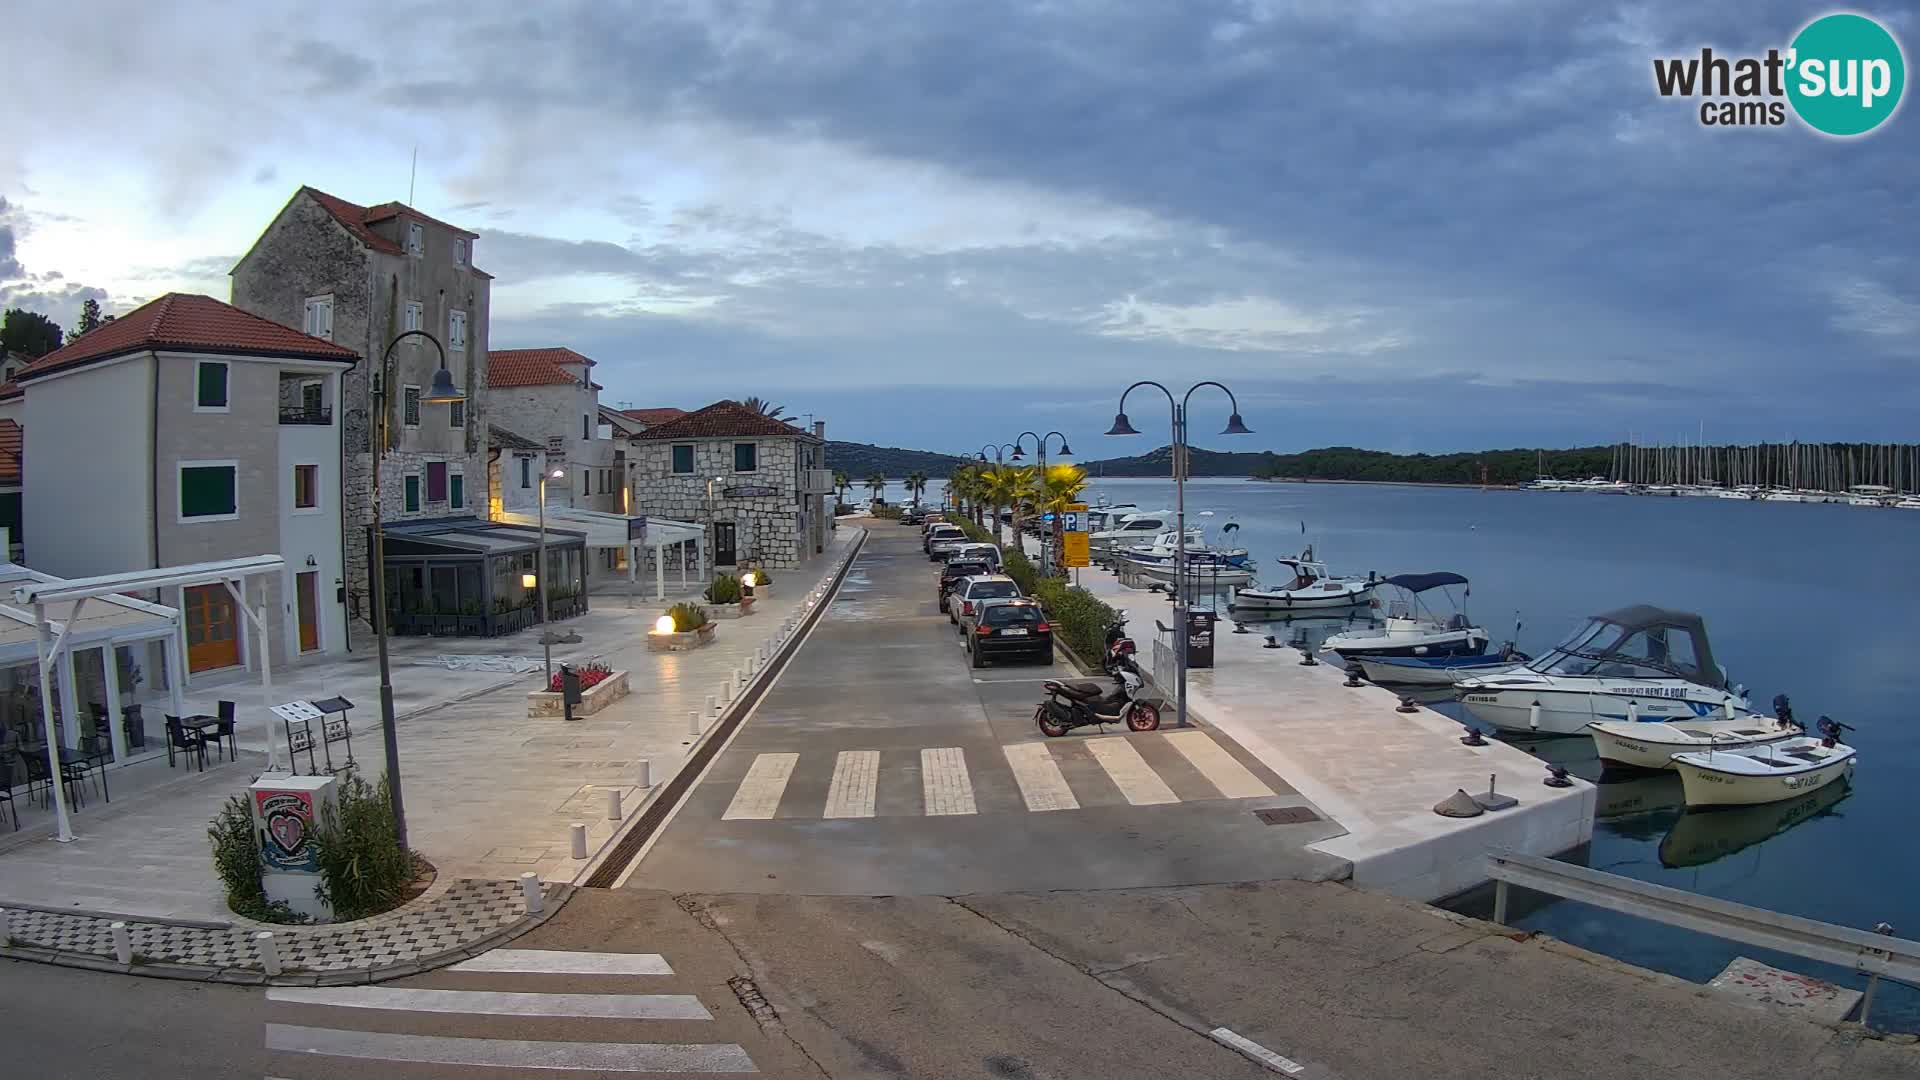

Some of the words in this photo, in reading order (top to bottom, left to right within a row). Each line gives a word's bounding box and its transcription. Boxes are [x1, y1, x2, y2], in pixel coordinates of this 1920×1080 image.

[1065, 514, 1076, 530] P
[1645, 687, 1664, 697] RENT
[1664, 688, 1670, 697] A
[1670, 688, 1688, 698] BOAT

● YOUR OBJECTIVE: Every entry above should be given again exactly, with no images included.

● FINISHED EXERCISE:
Some of the words in this photo, in reading order (top to bottom, left to right within a row). Each line gives a word's bounding box and its transcription. Boxes are [x1, y1, x2, y2], in pixel coordinates of this 1920×1080 image.

[1065, 514, 1076, 530] P
[1645, 687, 1664, 697] RENT
[1664, 688, 1670, 697] A
[1670, 688, 1688, 698] BOAT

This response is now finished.